THE submission of the two government bills revising property tax coefficients to next week’s plenum has come under question as yesterday’s session of the House interior committee revealed several concerns with regard to the way property revaluation to 2013 prices was made.

After the session, committee chairman Yiorgos Lamaris said that committee members also expressed reservations with regard to a bill stipulating that local authorities will be required to reduce property taxation from 0.15 per cent to 0.022 per cent, in order to take account of 2013 prices.

Until now, properties were valued at 1980 values for taxation purposes, but these were revised by the Land and Surveys department to reflect 2013 values.

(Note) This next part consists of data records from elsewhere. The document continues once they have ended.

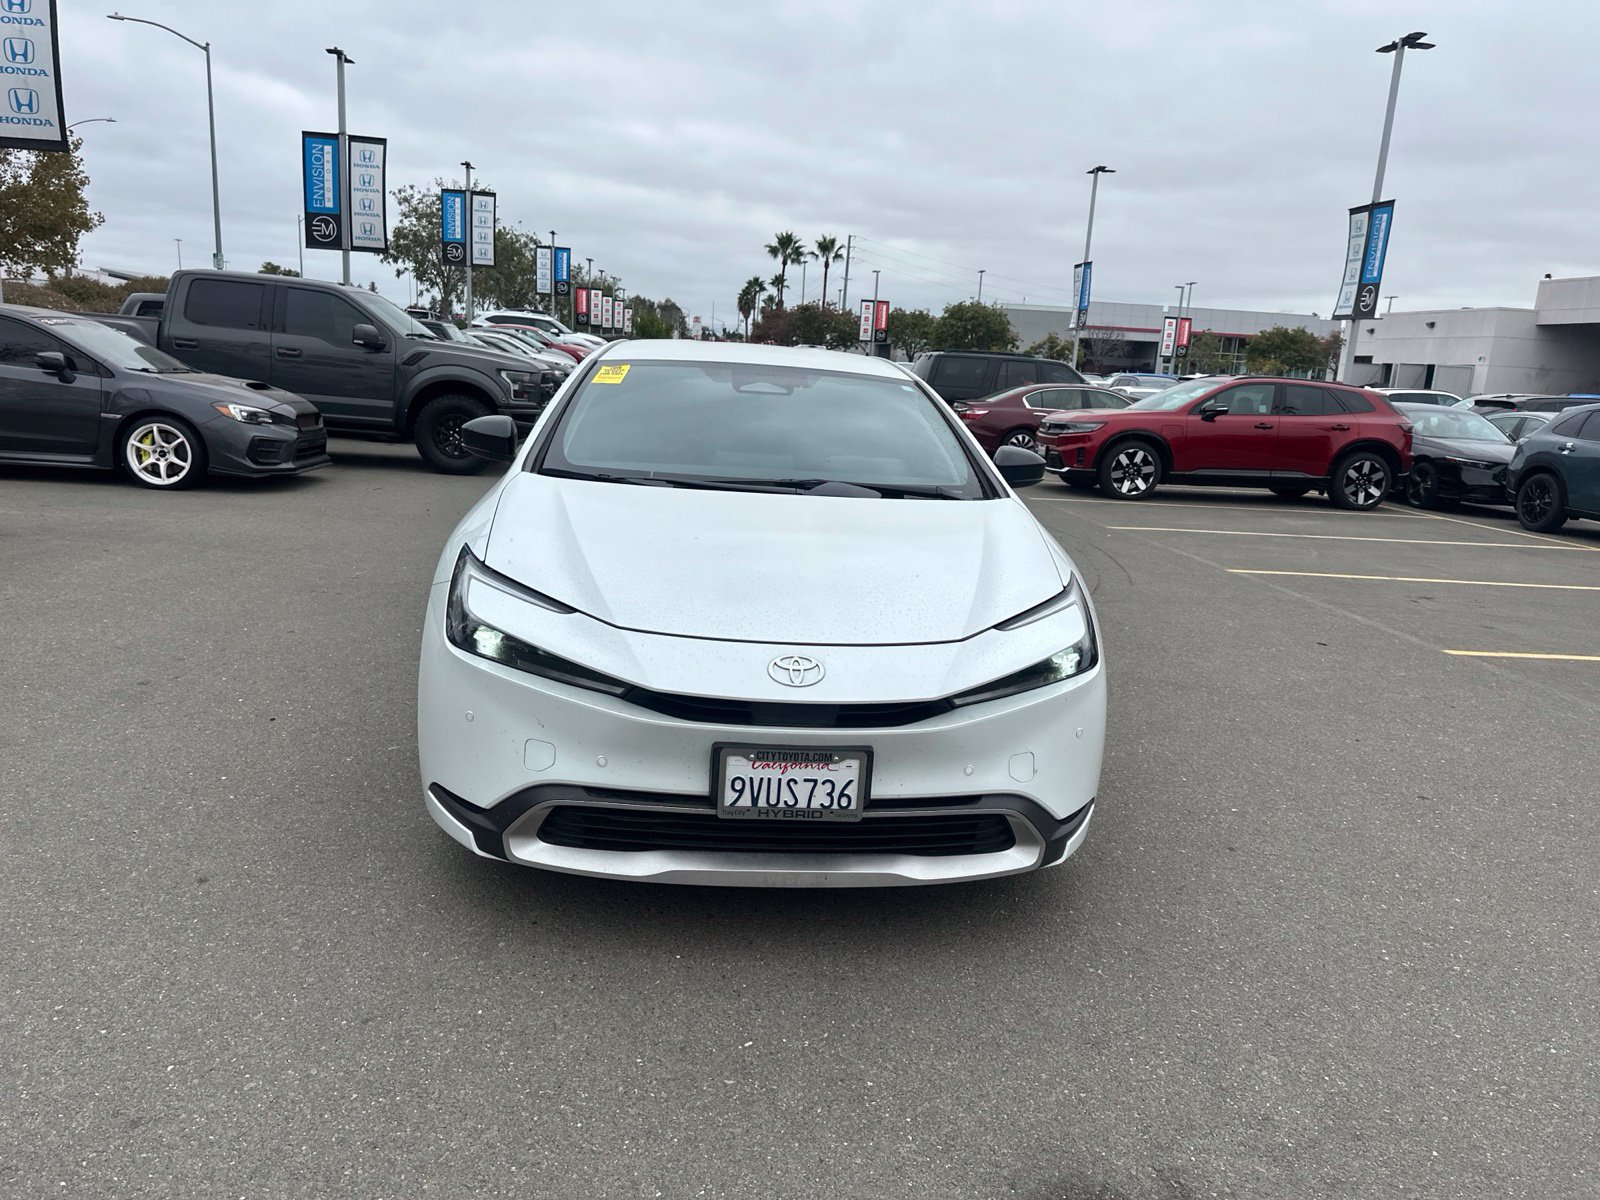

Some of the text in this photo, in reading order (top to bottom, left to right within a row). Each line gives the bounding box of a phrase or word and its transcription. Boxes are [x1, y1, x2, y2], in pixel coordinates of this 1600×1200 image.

[0, 15, 46, 27] ONDA
[0, 116, 54, 127] HONDA
[312, 144, 325, 208] ENVISION
[447, 196, 456, 239] ENVISION
[1366, 213, 1383, 278] ENVISION
[729, 776, 854, 809] 9VUS736
[758, 809, 823, 819] HYBRID

A land registry official told the committee that some areas saw property values revised at six times their previous value and others at 36.

“An initial view is that the process through which property prices have been revised has not been adequately substantiated,” he said. “The Land Registry and others failed to provide convincing explanations as to how it was done.”

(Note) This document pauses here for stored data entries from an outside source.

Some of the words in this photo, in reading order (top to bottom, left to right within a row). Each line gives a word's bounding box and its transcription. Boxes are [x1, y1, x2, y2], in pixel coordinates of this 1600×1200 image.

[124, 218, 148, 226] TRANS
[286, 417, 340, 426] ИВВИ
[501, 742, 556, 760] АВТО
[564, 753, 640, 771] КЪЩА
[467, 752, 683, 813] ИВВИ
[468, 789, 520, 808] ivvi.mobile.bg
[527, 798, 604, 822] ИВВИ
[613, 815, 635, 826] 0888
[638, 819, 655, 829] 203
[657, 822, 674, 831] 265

One example of such “unconvincing explanations”, Lamaris said, relates to on-the-spot appraisals that involved reviewing only the exterior of premises.

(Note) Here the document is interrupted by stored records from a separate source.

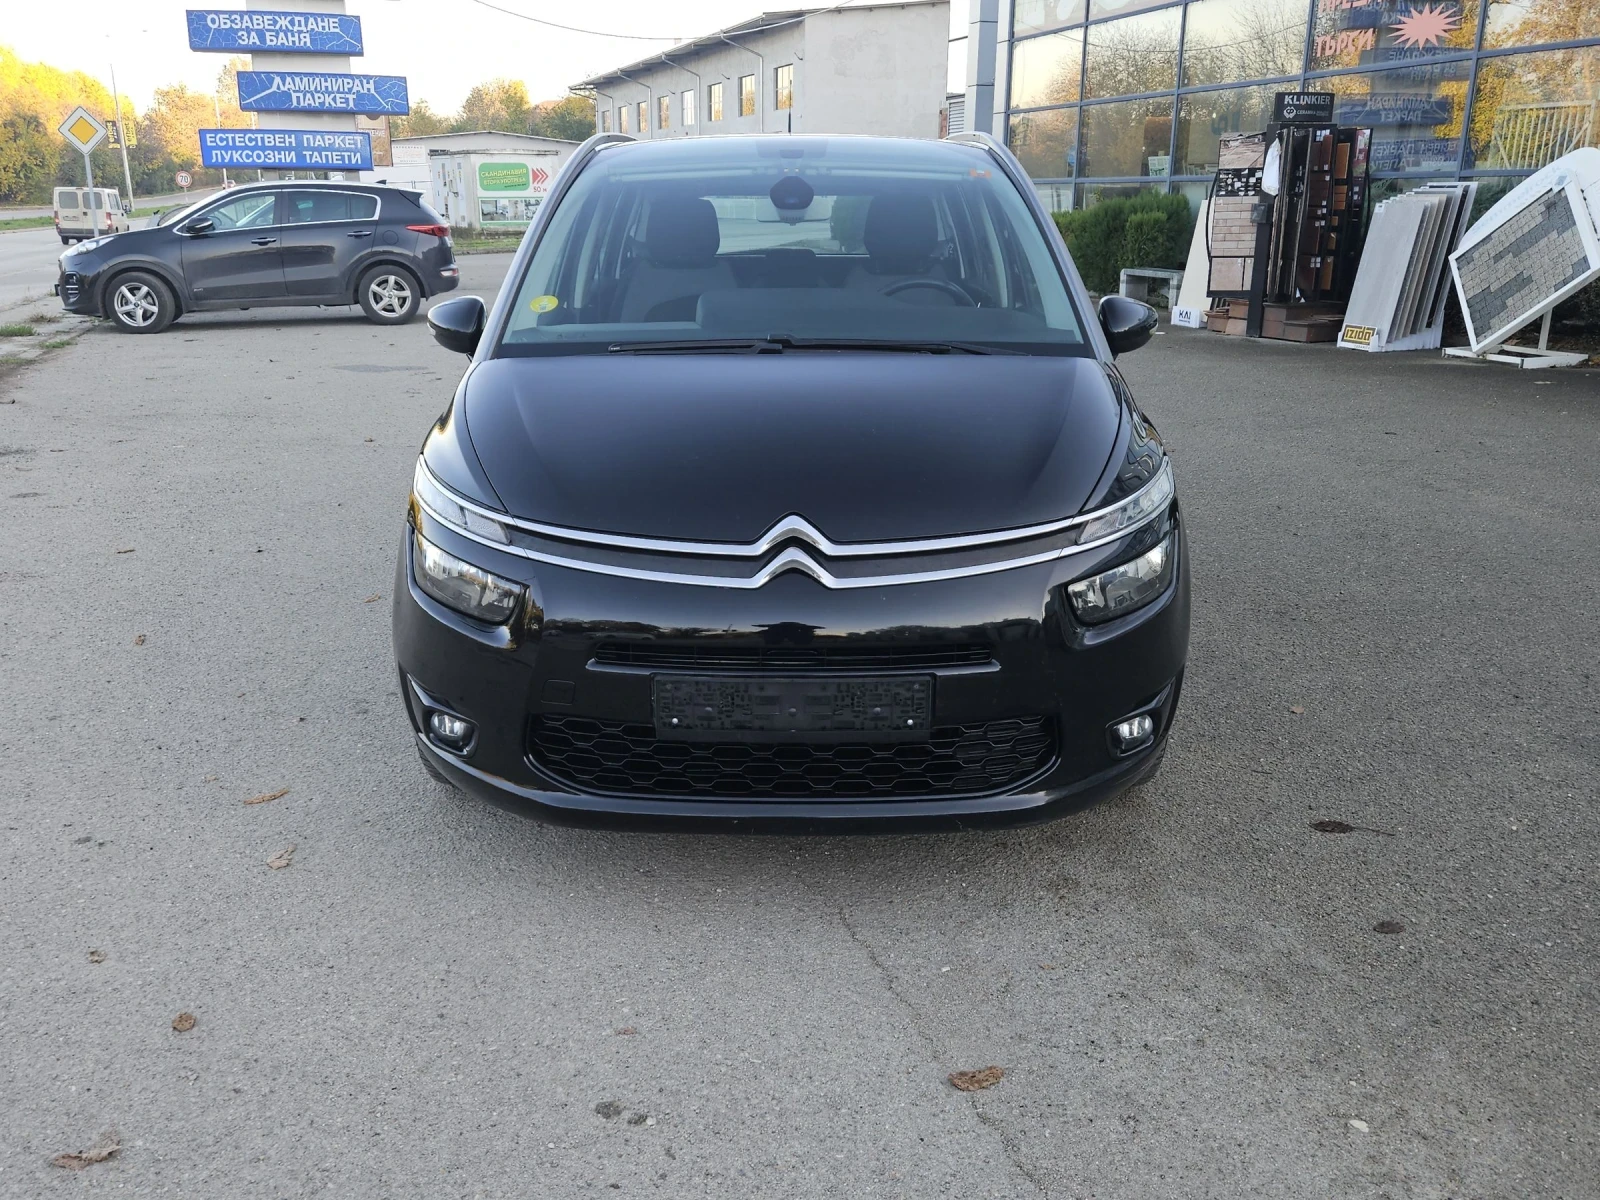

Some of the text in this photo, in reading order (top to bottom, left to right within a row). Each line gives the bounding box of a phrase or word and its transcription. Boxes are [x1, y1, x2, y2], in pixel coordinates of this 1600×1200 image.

[206, 13, 340, 32] ОБЗАВЕЖДАНЕ
[237, 31, 312, 47] ЗА БАНЯ
[270, 75, 376, 95] ЛАМИНИРАН
[290, 92, 357, 109] ПАРКЕТ
[1284, 94, 1331, 105] KLINKIER
[205, 133, 364, 149] ЕСТЕСТВЕН ПАРКЕТ
[211, 149, 362, 165] ЛУКСОЗНИ ТАПЕТИ
[179, 175, 189, 183] 70
[481, 169, 527, 177] СКАНДИНАВИЯ
[1178, 309, 1192, 320] KAI

“It is a matter of concern with regard to the number of objections to revised property values that may be received,” he explained.

The government bill provides for the exemption of properties worth up to €200,000 and lower tax rates for properties valued above this threshold.

But Yiorgos Pantelis, who attended the session representing the Finance ministry, said that despite the lower rates there may well be cases where property owners will be called to pay a higher tax than last year, due to the upward revision of prices. One example, Pantelis said, would be a property valued as an empty plot last year when in fact it was a house.

Lamaris said he has called on parties to reflect on whether they will proceed to vote on the bill next Thursday, and noted that a government bill submitted yesterday to the House Finance committee is also pending.

Committee member Yiorgos Perdikis also expressed reservations on the potential increase of local authority property taxation based on the revised valuation.

“The bill’s provisions cause justified concern that while property taxation may indeed be reduced, municipal taxes may increase,” he said.

The government’s 2013 revenues from property taxation were €100m, which is also this year’s target amount.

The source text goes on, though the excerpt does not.